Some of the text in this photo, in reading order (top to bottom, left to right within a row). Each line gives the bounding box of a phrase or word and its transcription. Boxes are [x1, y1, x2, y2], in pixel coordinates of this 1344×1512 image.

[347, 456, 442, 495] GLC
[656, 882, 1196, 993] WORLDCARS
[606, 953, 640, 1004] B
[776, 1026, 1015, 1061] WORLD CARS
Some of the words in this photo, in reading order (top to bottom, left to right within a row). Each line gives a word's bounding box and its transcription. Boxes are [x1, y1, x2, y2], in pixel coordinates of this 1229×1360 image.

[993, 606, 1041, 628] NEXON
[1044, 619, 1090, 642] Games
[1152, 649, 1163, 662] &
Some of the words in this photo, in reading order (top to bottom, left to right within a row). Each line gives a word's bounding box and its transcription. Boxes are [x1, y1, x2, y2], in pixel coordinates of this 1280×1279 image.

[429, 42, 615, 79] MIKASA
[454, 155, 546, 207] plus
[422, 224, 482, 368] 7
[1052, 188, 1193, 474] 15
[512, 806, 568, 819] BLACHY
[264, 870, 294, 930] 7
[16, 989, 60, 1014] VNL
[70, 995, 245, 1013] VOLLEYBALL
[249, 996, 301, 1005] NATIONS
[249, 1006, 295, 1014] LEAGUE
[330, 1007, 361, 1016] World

■ Requirement ■
In full and without changes, repeat the listing.

■ Answer space ■
Some of the text in this photo, in reading order (top to bottom, left to right within a row). Each line gives the bounding box of a phrase or word and its transcription. Boxes are [x1, y1, x2, y2], in pixel coordinates of this 1344×1512 image.

[347, 456, 442, 495] GLC
[656, 882, 1196, 993] WORLDCARS
[606, 953, 640, 1004] B
[776, 1026, 1015, 1061] WORLD CARS
Some of the words in this photo, in reading order (top to bottom, left to right within a row). Each line gives a word's bounding box and its transcription. Boxes are [x1, y1, x2, y2], in pixel coordinates of this 1229×1360 image.

[993, 606, 1041, 628] NEXON
[1044, 619, 1090, 642] Games
[1152, 649, 1163, 662] &
Some of the words in this photo, in reading order (top to bottom, left to right within a row). Each line gives a word's bounding box and its transcription. Boxes are [x1, y1, x2, y2], in pixel coordinates of this 1280×1279 image.

[429, 42, 615, 79] MIKASA
[454, 155, 546, 207] plus
[422, 224, 482, 368] 7
[1052, 188, 1193, 474] 15
[512, 806, 568, 819] BLACHY
[264, 870, 294, 930] 7
[16, 989, 60, 1014] VNL
[70, 995, 245, 1013] VOLLEYBALL
[249, 996, 301, 1005] NATIONS
[249, 1006, 295, 1014] LEAGUE
[330, 1007, 361, 1016] World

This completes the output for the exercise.